--- DATASET Enclosed Below ---

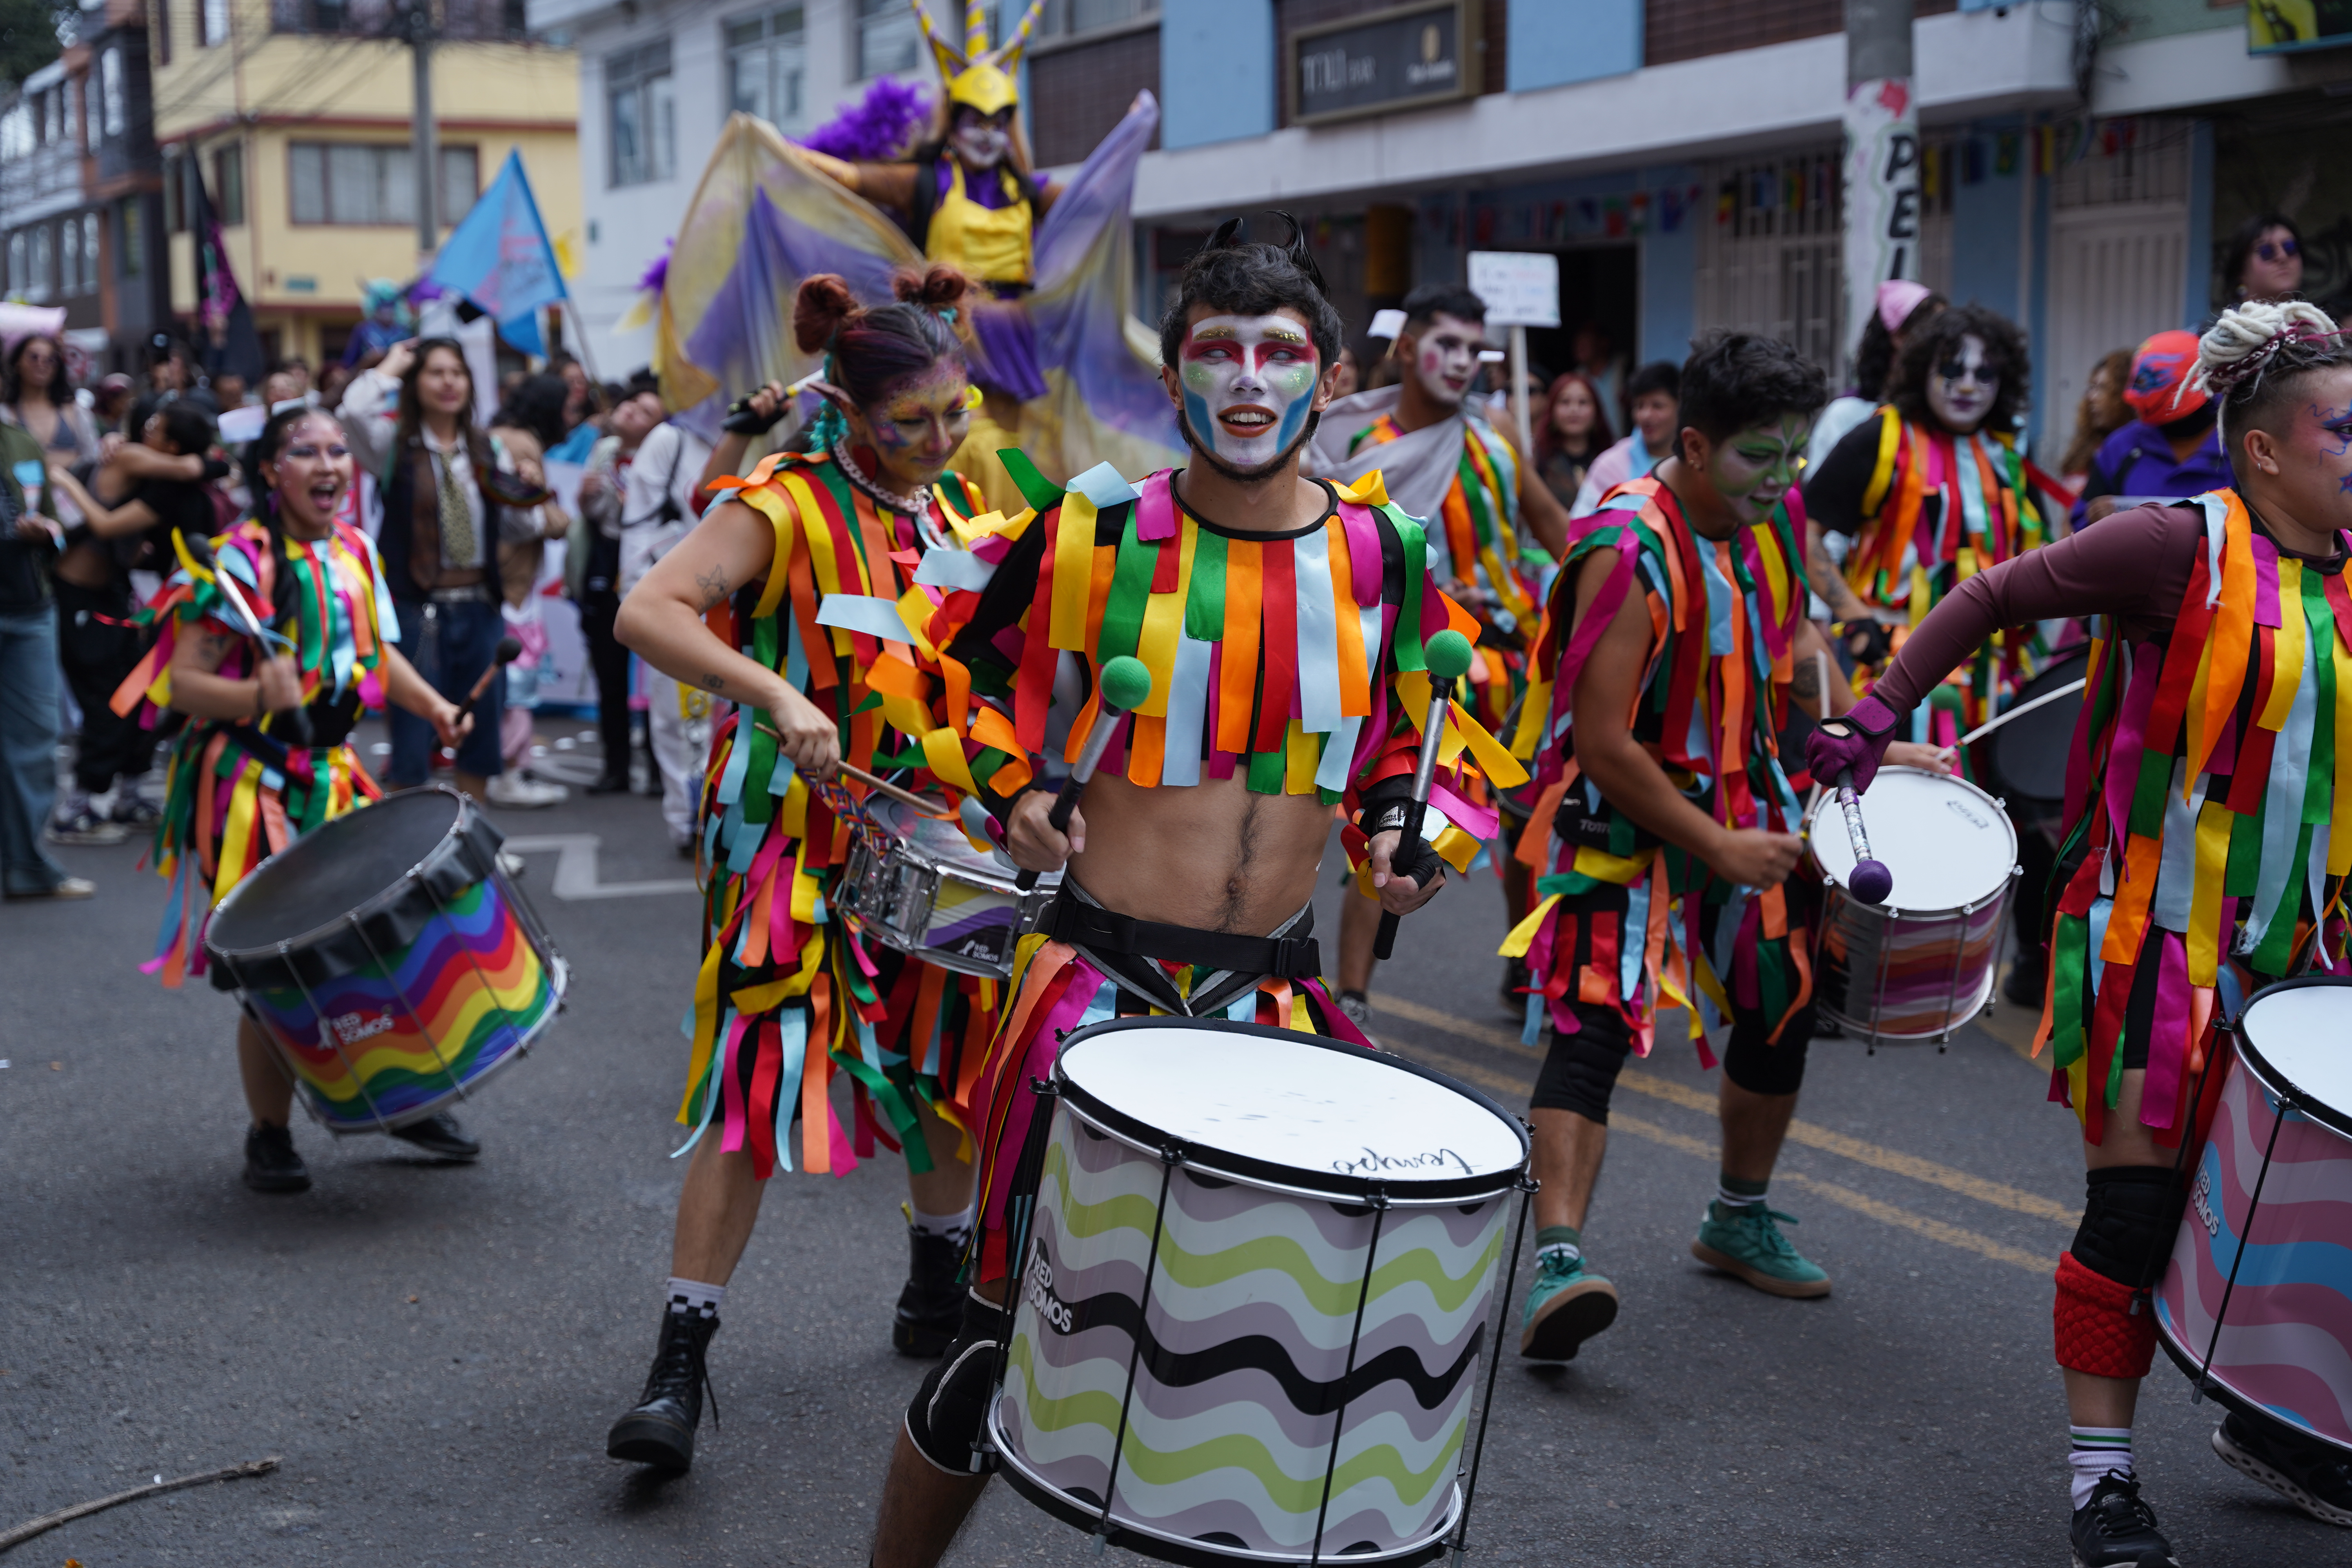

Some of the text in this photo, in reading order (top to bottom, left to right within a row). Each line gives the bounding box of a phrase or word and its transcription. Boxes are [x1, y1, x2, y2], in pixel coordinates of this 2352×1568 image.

[972, 951, 1000, 963] SOMOS
[974, 943, 989, 953] RED
[332, 1012, 362, 1032] RED
[339, 1013, 395, 1045] SOMOS
[2200, 1163, 2210, 1195] RED
[2193, 1182, 2219, 1235] SOMOS
[1033, 1252, 1053, 1289] RED
[1029, 1278, 1072, 1332] SOMOS
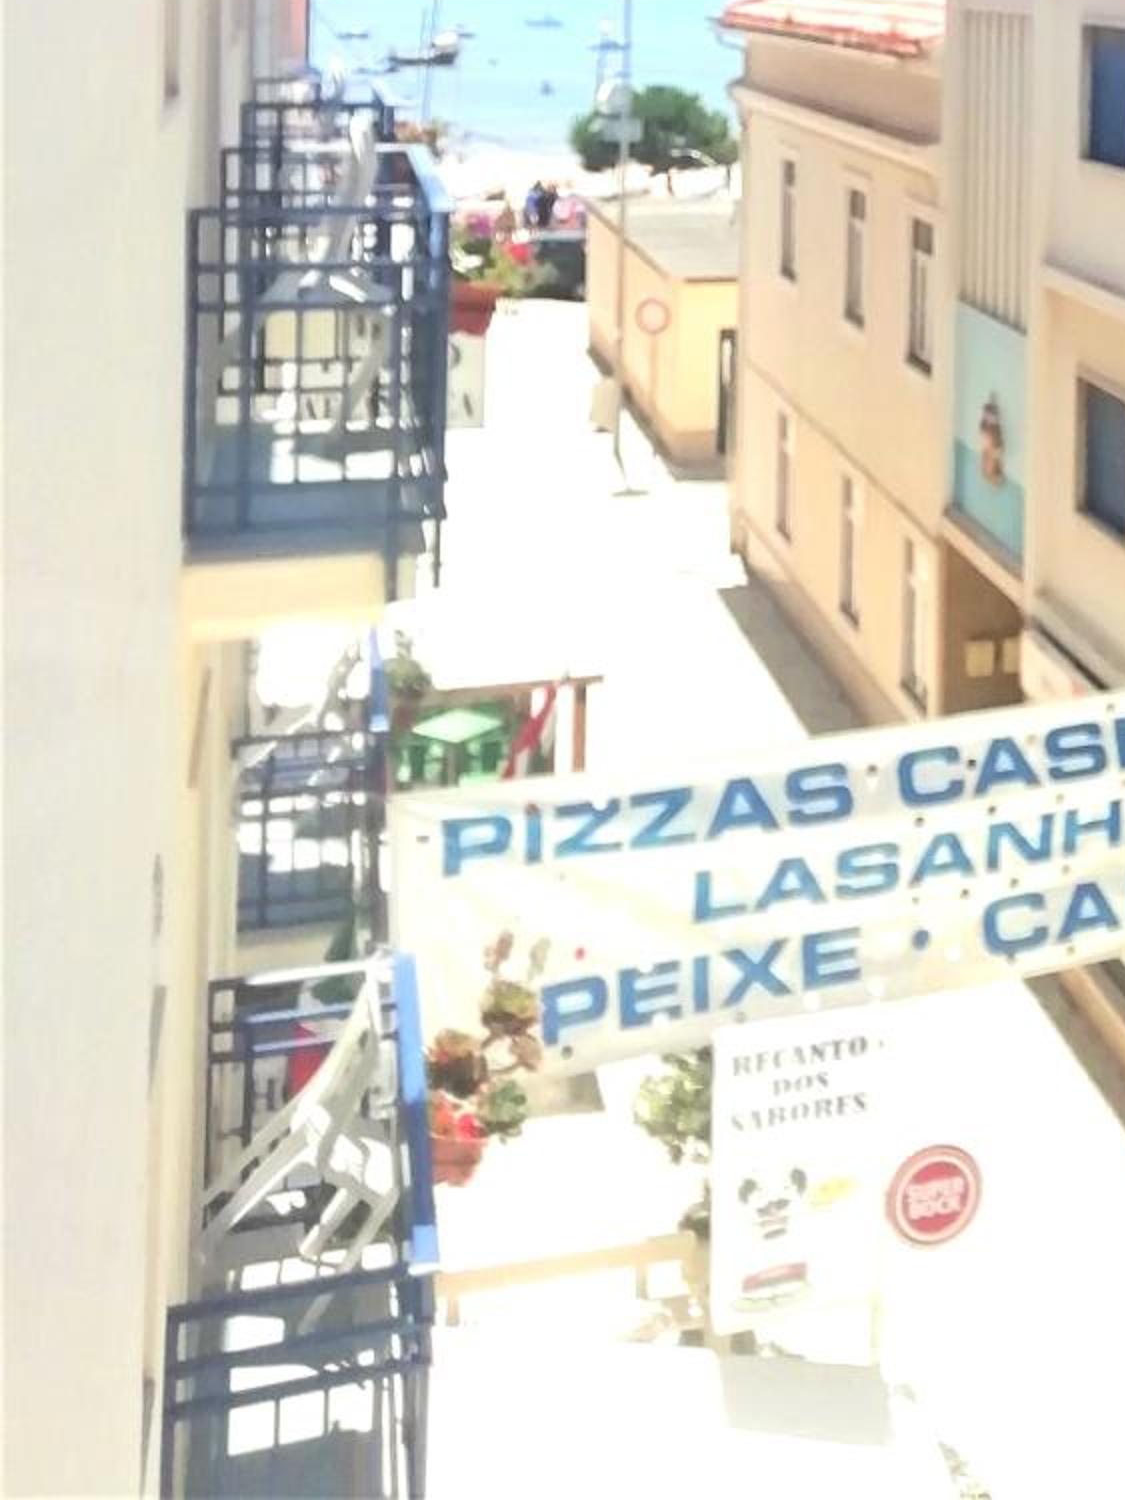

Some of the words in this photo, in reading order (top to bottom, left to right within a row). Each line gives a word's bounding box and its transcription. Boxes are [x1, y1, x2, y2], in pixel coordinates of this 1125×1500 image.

[441, 762, 855, 877] PIZZAS
[540, 926, 862, 1046] PEIXE
[731, 1034, 869, 1077] RECANTO
[772, 1070, 830, 1097] DOS

--- End of Enclosed DATASET ---

● EXERCISE DIRECTIONS:
Text only, no pictures: copy every entry exactly.

● RESULT OF THE TASK:
Some of the text in this photo, in reading order (top to bottom, left to right within a row). Each line gives the bounding box of a phrase or word and its transcription. Boxes are [x1, y1, x2, y2], in pixel coordinates of this 2352×1568 image.

[972, 951, 1000, 963] SOMOS
[974, 943, 989, 953] RED
[332, 1012, 362, 1032] RED
[339, 1013, 395, 1045] SOMOS
[2200, 1163, 2210, 1195] RED
[2193, 1182, 2219, 1235] SOMOS
[1033, 1252, 1053, 1289] RED
[1029, 1278, 1072, 1332] SOMOS

Some of the words in this photo, in reading order (top to bottom, left to right within a row). Each line gives a word's bounding box and its transcription. Boxes are [x1, y1, x2, y2], in pixel coordinates of this 1125×1500 image.

[441, 762, 855, 877] PIZZAS
[540, 926, 862, 1046] PEIXE
[731, 1034, 869, 1077] RECANTO
[772, 1070, 830, 1097] DOS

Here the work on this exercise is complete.